Development and Characterization of Pepducins as Gs-biased Allosteric Agonists [Cell Biology]

November 13th, 2014 by Carr, R., Du, Y., Quoyer, J., Panettieri, R. A., Janz, J. M., Bouvier, M., Kobilka, B. K., Benovic, J. L.

The β2-adrenergic receptor (β2AR) is a prototypical G protein-coupled receptor (GPCR) that mediates many hormonal responses including cardiovascular and pulmonary function. β-agonists used to combat hypercontractility in airway smooth muscle stimulate β2AR-dependent cAMP production that ultimately promotes airway relaxation.

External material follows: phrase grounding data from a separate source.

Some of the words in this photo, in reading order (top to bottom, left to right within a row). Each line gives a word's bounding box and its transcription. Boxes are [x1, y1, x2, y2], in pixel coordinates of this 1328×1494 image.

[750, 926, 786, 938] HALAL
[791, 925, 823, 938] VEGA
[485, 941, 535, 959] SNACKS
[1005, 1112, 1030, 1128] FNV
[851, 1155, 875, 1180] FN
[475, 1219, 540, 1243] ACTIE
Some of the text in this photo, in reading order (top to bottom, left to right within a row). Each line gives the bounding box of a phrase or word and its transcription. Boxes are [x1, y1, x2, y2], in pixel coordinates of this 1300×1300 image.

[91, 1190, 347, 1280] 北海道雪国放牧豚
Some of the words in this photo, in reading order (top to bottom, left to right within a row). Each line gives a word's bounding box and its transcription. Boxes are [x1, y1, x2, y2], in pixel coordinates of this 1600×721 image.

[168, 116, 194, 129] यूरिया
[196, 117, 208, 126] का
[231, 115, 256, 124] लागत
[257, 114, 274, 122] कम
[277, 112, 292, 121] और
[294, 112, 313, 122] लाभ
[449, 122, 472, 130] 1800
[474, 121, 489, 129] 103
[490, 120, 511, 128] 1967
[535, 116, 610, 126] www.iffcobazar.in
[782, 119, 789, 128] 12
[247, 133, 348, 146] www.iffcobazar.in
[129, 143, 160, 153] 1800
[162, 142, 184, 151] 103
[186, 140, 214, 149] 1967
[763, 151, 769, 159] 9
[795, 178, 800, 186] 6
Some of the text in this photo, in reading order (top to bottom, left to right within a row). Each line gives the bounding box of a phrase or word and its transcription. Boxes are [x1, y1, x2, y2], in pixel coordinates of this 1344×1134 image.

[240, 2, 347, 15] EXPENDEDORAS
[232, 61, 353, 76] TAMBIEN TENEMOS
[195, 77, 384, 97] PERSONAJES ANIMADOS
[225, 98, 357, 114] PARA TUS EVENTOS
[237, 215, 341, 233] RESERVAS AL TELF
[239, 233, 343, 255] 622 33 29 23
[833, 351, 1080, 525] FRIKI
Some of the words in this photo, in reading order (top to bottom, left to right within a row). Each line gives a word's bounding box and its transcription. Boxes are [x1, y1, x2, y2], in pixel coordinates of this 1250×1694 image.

Chronic stimulation of the β2AR by long acting β-agonists used in the treatment of asthma can promote attenuated responsiveness to agonist and an increased frequency of fatal asthmatic attacks. β2AR desensitization to β-agonists is primarily mediated by GPCR kinases (GRKs) and β-arrestins that attenuate receptor-Gs coupling and promote β2AR internalization and degradation. A biased agonist that can selectively stimulate Gs signaling without promoting receptor interaction with GRKs and β-arrestins should serve as an advantageous asthma therapeutic. To identify such molecules, we screened ~50 lipidated peptides derived from the intracellular loops of the β2AR, known as pepducins. This screen revealed two classes of Gs-biased pepducins, receptor-independent and receptor-dependent, as well as several β-arrestin-biased pepducins. The receptor-independent Gs-biased pepducins operate by directly stimulating G protein activation. In contrast, receptor-dependent Gs-biased pepducins appear to stabilize a Gs-biased conformation of the β2AR that couples to Gs but does not undergo GRK-mediated phosphorylation or β-arrestin-mediated internalization. Functional studies in primary human airway smooth muscle cells demonstrate that Gs-biased pepducins are not subject to conventional desensitization and, thus, may be good candidates for the development of next generation asthma therapeutics. Our study reports the first Gs-biased activator for the β2AR and provides valuable tools for the study of β2AR function.